Redfish is an open-standard model of a fabric and its resources. Gen-Z aligns with the Redfish model where resources can include switches and their ports, as well as endpoints along with all associated routing tables and permissions, plus the connections between endpoints, which establish communications. The protocol allows clients to control host, fabric, and endpoint resources and enables fabric-specific providers to program a common set of APIs. This approach leverages proven, trusted methodologies and simplifies integration with pre-existing management systems that use the Redfish DMTF structure.

These resources are all modeled in a Redfish resource tree using a JSON-based schema that’s managed and maintained by the Gen-Z fabric manager. This schema is exported as a Redfish service to the upper-layer clients, such as composability managers and resource managers which translate user intent into functioning infrastructure by requesting changes to the fabric model.

Gen-Z Micro Development Kits for Fabric Testing

Gen-Z Micro Development Kits are now available for purchase by members of the Gen-Z Consortium. The Micro Development Kit consists of IP, devices, and components from Gen-Z Consortium member companies, and includes an Arm-based Linux host card that can perform load/store native Gen-Z accesses to a Gen-Z Memory Module (ZMM) connected with a backplane and cable.

According to the Consortium, the Gen-Z Micro Development Kit is the smallest, simplest hardware platform that allows for the development and testing of Gen-Z in-band management and fabric manager software, as well as Gen-Z memory-centric computing applications that use disaggregated memory (Fig. 2). For Gen-Z endpoint developers, it can also be utilized to develop device drivers.

Open Standards Solving Complex Problems

Gen-Z fabric architecture brings a multi-vendor, multi-tenant, highly scalable, memory-semantic, composable fabric to the data center, cloud installation, and racks of servers.

Artificial intelligence, machine learning, and neural networks are revolutionizing the scope and type of challenges that developers are beginning to confront. But other obstacles don't require complex algorithms as a solution—they just need larger and faster memory solutions with the ability to access vast datasets without transferring the data from one point to another. It’s called memory-centric computing, and it’s at the heart of what Gen-Z fabric is able to accomplish. However, as stated before, the management of such a flexible fabric requires innovation, too.

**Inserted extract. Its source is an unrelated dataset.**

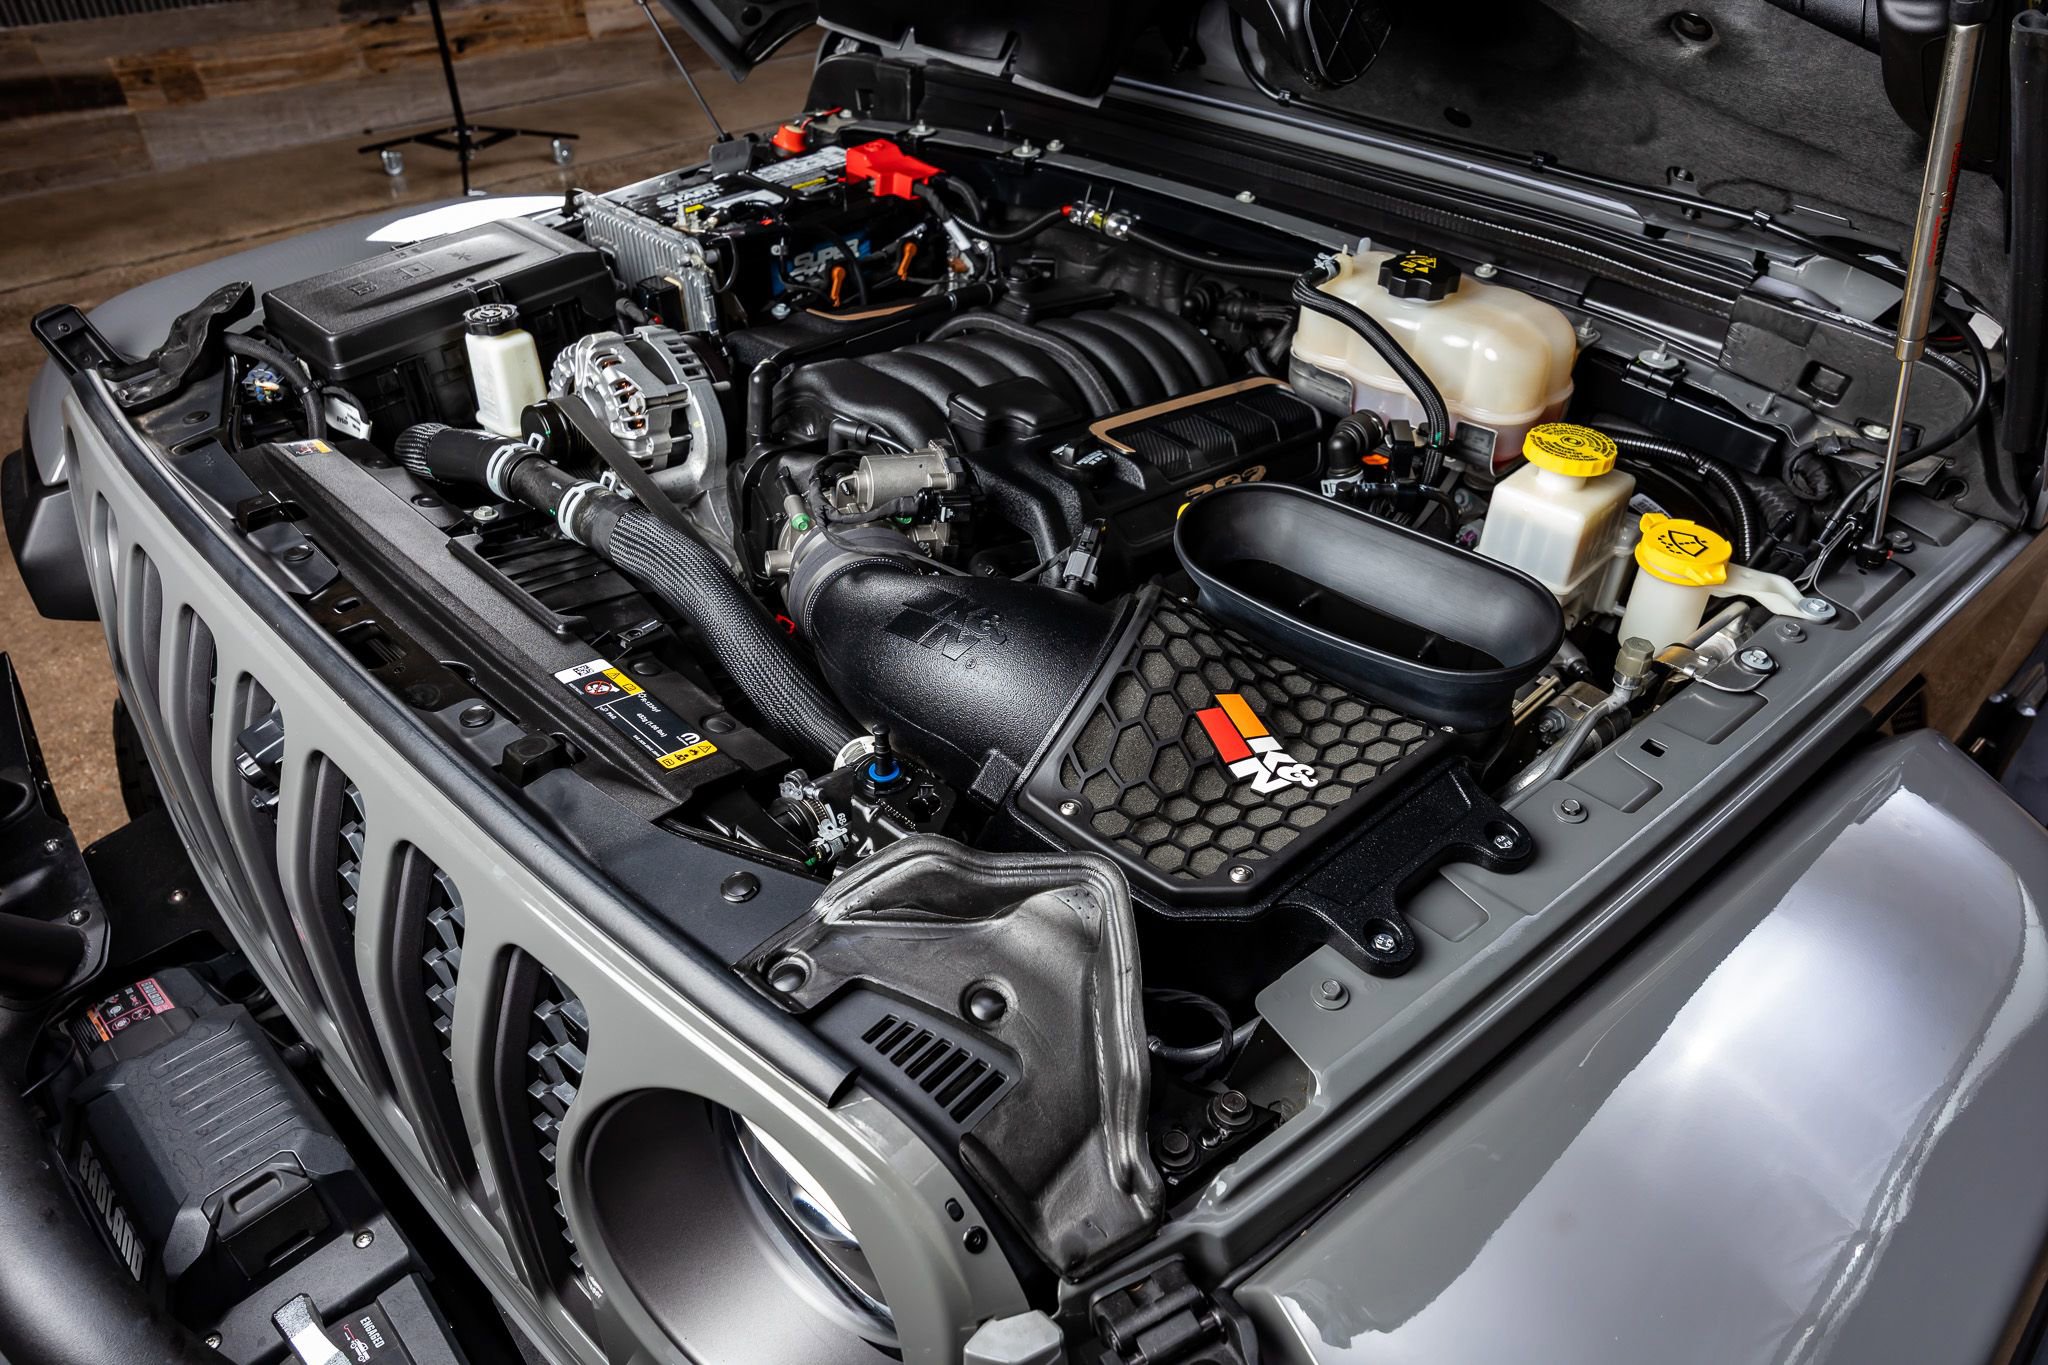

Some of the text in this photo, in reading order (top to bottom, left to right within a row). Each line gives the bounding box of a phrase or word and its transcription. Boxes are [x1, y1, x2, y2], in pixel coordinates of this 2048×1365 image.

[141, 981, 165, 1006] BADLAND
[79, 1141, 144, 1281] BADLAND
[360, 1316, 385, 1348] ENGAGED

OpenFabrics Manager Framework

In addition to the work with DMTF, the Gen-Z Consortium announced a Memorandum of Understanding (MoU) with the OpenFabrics Alliance (OFA) earlier this year to advance the industry standardization of open-source fabric management. As a result, OFA recently created a work group to define an OpenFabrics Manager Framework to be built on the concepts of Redfish, with the intention of using Gen-Z as a strawman target for the first fabric manager plugin. The Gen-Z Fabric Management Specification 1.0 is a blueprint for a universal fabric manager provider.

As an open standard, Gen-Z fabric management is fertile ground for innovation, so dig in and find a clever way to make a contribution—perhaps as a member of the OFA’s new work group.

Russ Herrell is a System Architect at Hewlett-Packard Enterprise (HPE), Duane Voth is Senior Principal Engineering Technologist - Office of the CTO at Dell EMC Server Solutions, and Tim Symons is Associate Technical Fellow at Microchip Technology.